### EXCERPTED DATA
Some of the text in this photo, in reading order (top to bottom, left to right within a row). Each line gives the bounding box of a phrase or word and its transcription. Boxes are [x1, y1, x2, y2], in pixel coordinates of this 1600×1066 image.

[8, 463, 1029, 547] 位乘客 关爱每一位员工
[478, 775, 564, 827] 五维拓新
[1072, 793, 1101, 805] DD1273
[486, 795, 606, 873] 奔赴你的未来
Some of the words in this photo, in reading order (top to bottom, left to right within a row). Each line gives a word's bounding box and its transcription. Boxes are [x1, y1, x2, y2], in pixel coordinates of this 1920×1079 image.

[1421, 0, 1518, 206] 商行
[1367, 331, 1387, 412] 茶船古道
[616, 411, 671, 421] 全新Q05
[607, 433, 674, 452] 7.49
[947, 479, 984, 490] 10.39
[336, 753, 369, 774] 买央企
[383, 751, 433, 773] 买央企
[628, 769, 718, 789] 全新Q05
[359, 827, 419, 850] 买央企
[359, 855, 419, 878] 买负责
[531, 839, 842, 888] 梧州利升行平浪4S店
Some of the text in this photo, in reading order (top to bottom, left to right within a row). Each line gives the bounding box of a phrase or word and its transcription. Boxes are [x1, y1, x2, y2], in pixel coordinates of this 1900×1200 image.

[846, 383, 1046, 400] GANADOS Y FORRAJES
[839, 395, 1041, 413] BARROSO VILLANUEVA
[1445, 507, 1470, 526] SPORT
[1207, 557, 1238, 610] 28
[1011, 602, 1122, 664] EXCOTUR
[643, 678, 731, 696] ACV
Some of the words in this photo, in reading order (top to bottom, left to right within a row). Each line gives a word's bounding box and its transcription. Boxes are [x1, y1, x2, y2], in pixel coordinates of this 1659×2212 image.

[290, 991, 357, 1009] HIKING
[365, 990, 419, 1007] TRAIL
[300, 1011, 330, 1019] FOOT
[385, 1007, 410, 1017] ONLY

### WORK REQUEST
I'd like every record written out exactly as given.

### ANSWER BELOW
Some of the text in this photo, in reading order (top to bottom, left to right within a row). Each line gives the bounding box of a phrase or word and its transcription. Boxes are [x1, y1, x2, y2], in pixel coordinates of this 1600×1066 image.

[8, 463, 1029, 547] 位乘客 关爱每一位员工
[478, 775, 564, 827] 五维拓新
[1072, 793, 1101, 805] DD1273
[486, 795, 606, 873] 奔赴你的未来
Some of the words in this photo, in reading order (top to bottom, left to right within a row). Each line gives a word's bounding box and its transcription. Boxes are [x1, y1, x2, y2], in pixel coordinates of this 1920×1079 image.

[1421, 0, 1518, 206] 商行
[1367, 331, 1387, 412] 茶船古道
[616, 411, 671, 421] 全新Q05
[607, 433, 674, 452] 7.49
[947, 479, 984, 490] 10.39
[336, 753, 369, 774] 买央企
[383, 751, 433, 773] 买央企
[628, 769, 718, 789] 全新Q05
[359, 827, 419, 850] 买央企
[359, 855, 419, 878] 买负责
[531, 839, 842, 888] 梧州利升行平浪4S店
Some of the text in this photo, in reading order (top to bottom, left to right within a row). Each line gives the bounding box of a phrase or word and its transcription. Boxes are [x1, y1, x2, y2], in pixel coordinates of this 1900×1200 image.

[846, 383, 1046, 400] GANADOS Y FORRAJES
[839, 395, 1041, 413] BARROSO VILLANUEVA
[1445, 507, 1470, 526] SPORT
[1207, 557, 1238, 610] 28
[1011, 602, 1122, 664] EXCOTUR
[643, 678, 731, 696] ACV
Some of the words in this photo, in reading order (top to bottom, left to right within a row). Each line gives a word's bounding box and its transcription. Boxes are [x1, y1, x2, y2], in pixel coordinates of this 1659×2212 image.

[290, 991, 357, 1009] HIKING
[365, 990, 419, 1007] TRAIL
[300, 1011, 330, 1019] FOOT
[385, 1007, 410, 1017] ONLY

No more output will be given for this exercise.